Posted Wednesday, July 22, 2015 at 2:57 pm | PERMALINK
[But there has to be a good chance Labor can take this seat. If this occurs, Abbott will be in serious trouble.]
I have lost count of the number of times I though Abbott was in “serious trouble”.
Some days, it seems possible that Abbott could be caught staggering out of a back alley brothel, then filmed kicking a 3 legged, stray mongrel dog to death, and still find a way to slime his dispicable way out of trouble.
One thing I can’t understand is, why even choose to take the path of boat turn backs? Why not take NO POSITION on boat turn backs?
Labor neither win nor loses votes on taking no position.
The biggest concern is the illegality of the turn backs.
You may win a bit of the anti-boat vote here, but how does it look internationally?
Also take note that there are a lot more AS coming through the airports.
Numbers backing up more AS coming through airports vs boats.
[REALITY: Statistics from 2008 showed at least 13 asylum seekers arrive through Australian airports daily, more than 32 times the number of boat people supposedly ”flooding” across our maritime borders in that year.
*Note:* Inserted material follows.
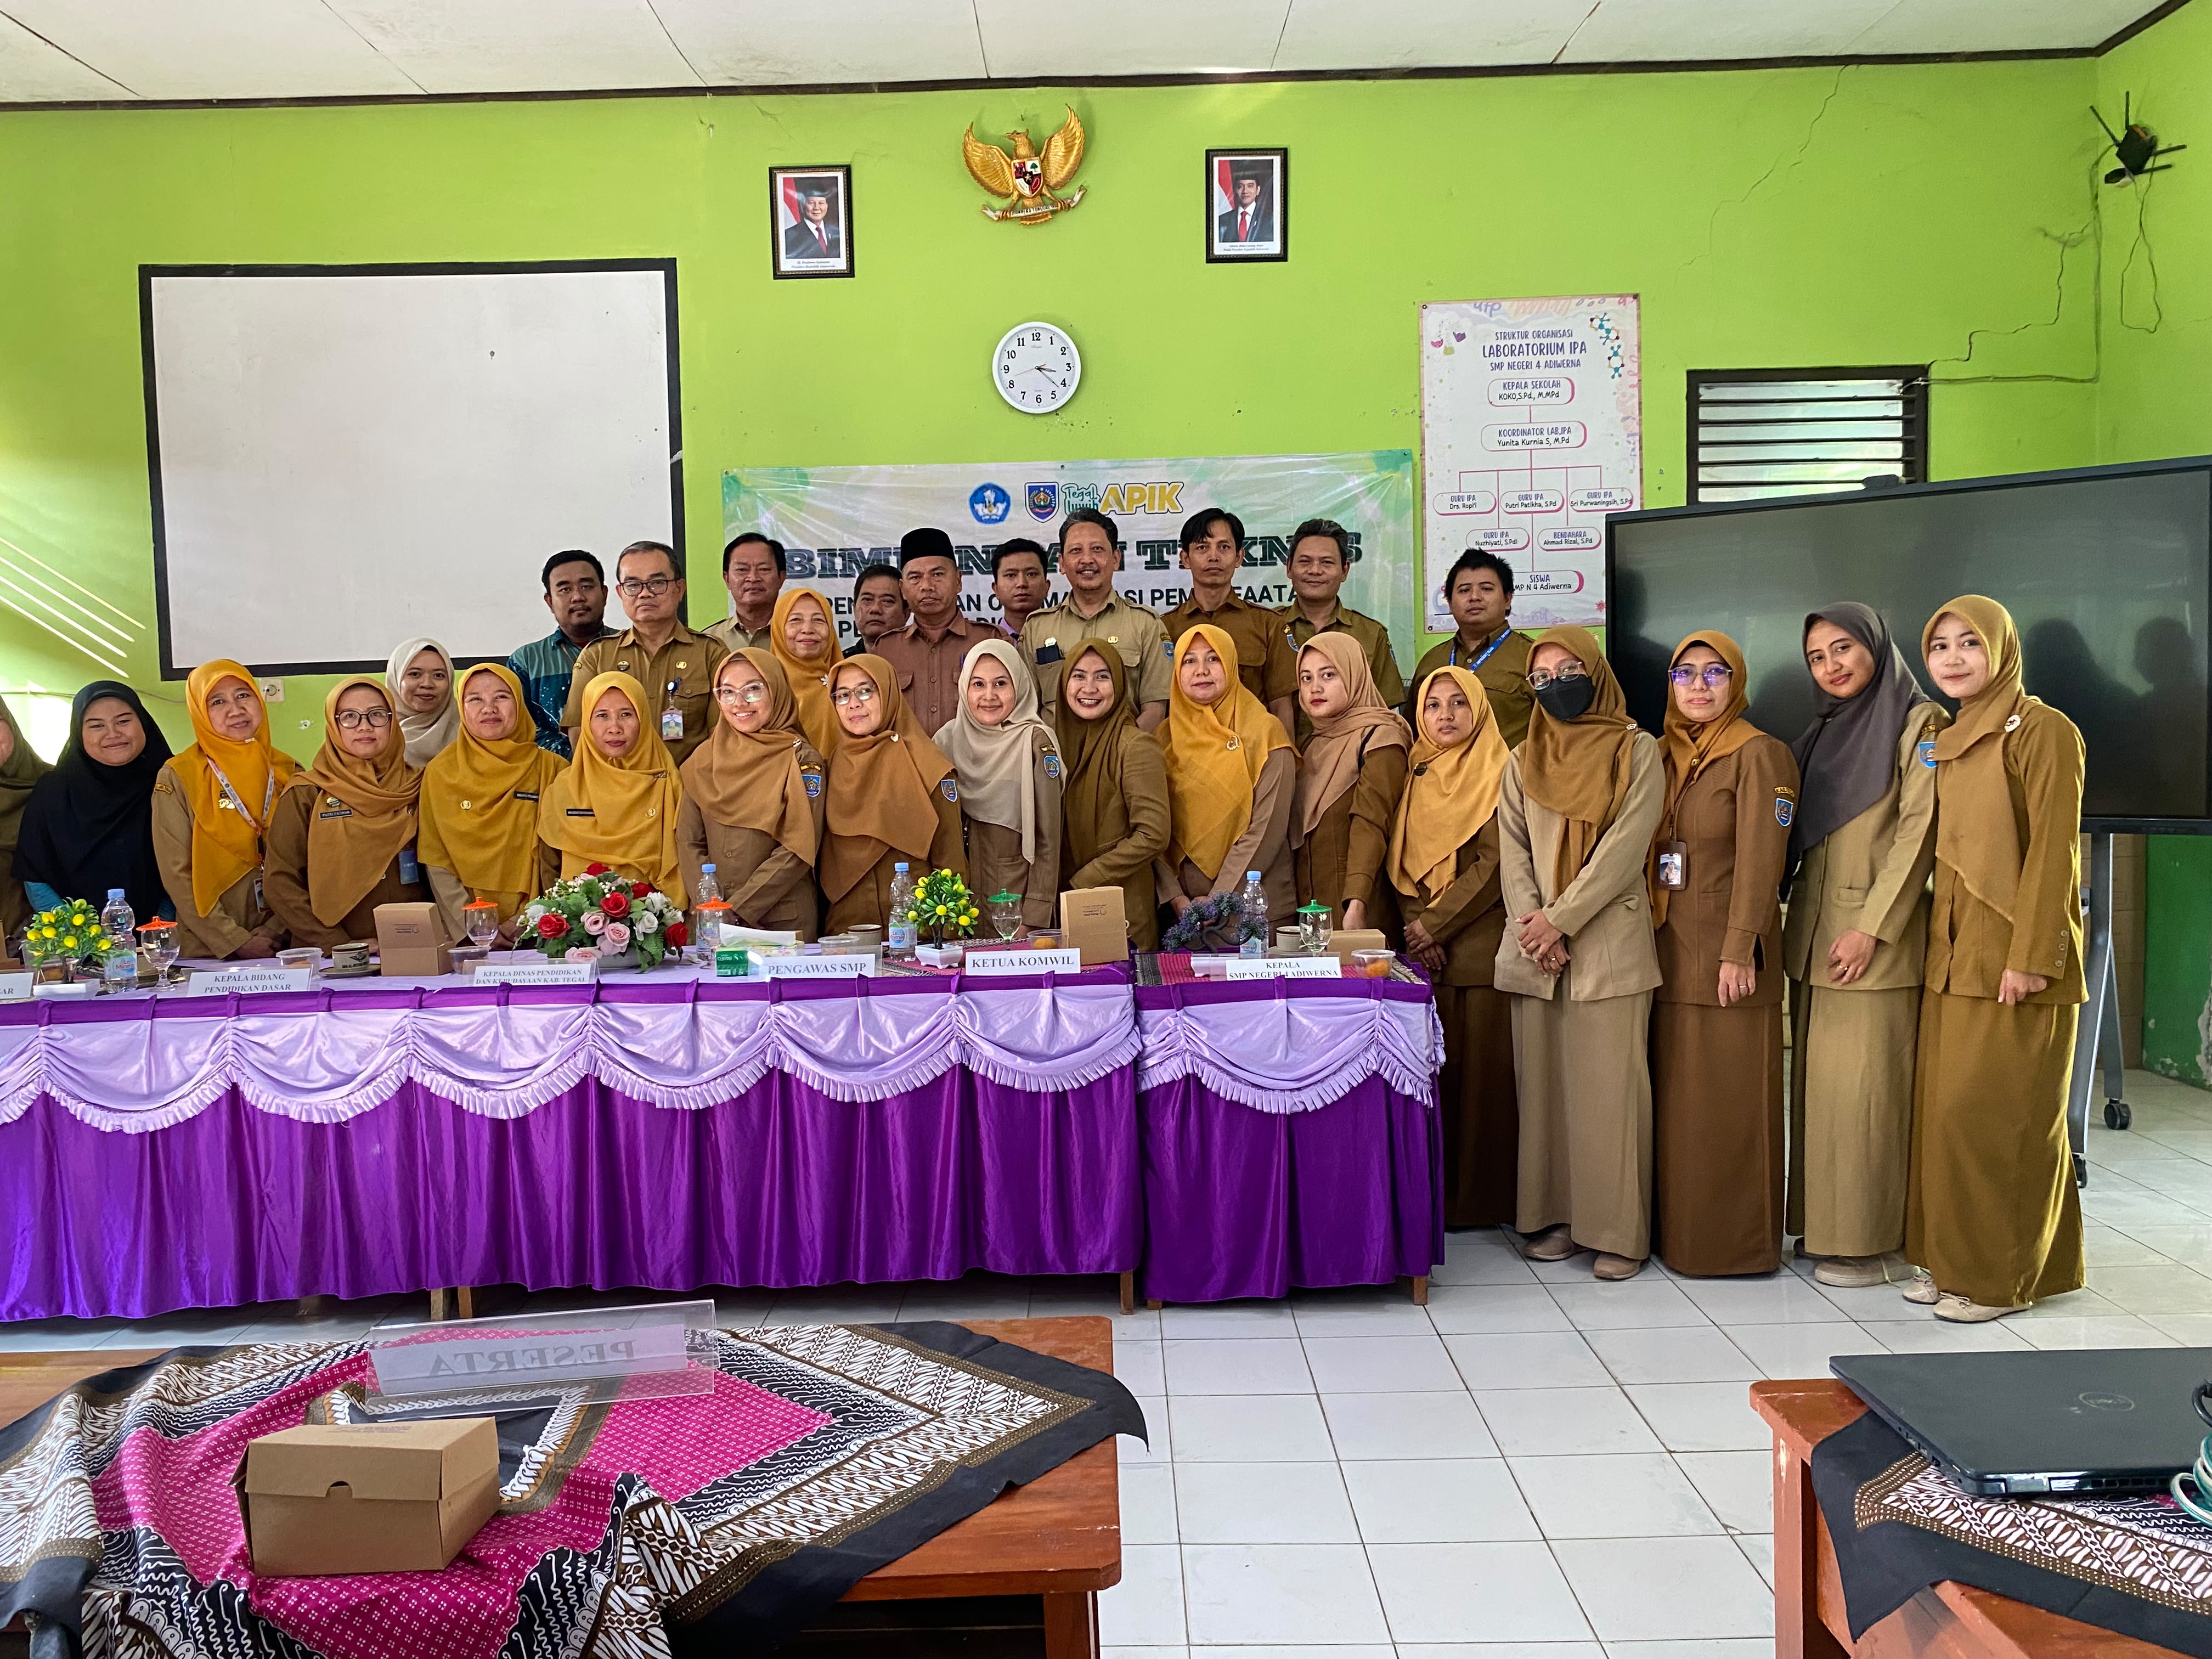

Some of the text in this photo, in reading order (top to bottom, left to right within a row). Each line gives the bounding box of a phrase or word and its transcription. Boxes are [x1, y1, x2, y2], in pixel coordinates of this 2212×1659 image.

A total of 4768 ”plane people”, more than 96 per cent of applicants for refugee status, arrived in that year on legitimate tourist, business and other visas – compared with 161 who arrived by boat during the same period. While boat numbers have increased, Australian Government statistics from the first quarter of 2013 showed more than 90 per cent of asylum seekers who arrived by boat were found to be genuine refugees. In comparison, those who arrived by plane – despite being eligible for release into the community and not having to face years of detention on Nauru or Manus Island – were almost twice as likely to be rejected as refugees. The figure continued a long-term trend of high approval rates for people arriving by boat, with 93.5 per cent being found to be refugees in 2010-11 and 91 per cent in 2011-12.]
If every person stood in a line around the equator, most would drown.
I’m a long way behind but if Arnea Stormbringer is happy to ignore the undoubted reality that the ALP adopting anything other than a turn back policy is all but to guarantee the reelection of the Abbott Government, which all but guarantees the continuing appalling suffering of those in the camps, then that makes him/her the monster, in my book.
Verily it is so!
Dutton’s presser; instead of welcoming the new bipartisan approach to boat turnbacks offered by the ALP leader, he is immediately poo pooing the idea, with the excuse that Shorten won’t do it.
“This is our pet rock, not yours, and we are not sharing with you. And don’t think you can pick up any old rock and call it the same. Only we are allowed to have pet rocks. Yours is just a plain old stone.”
Shorten does not know what he is doing? Yeah, right.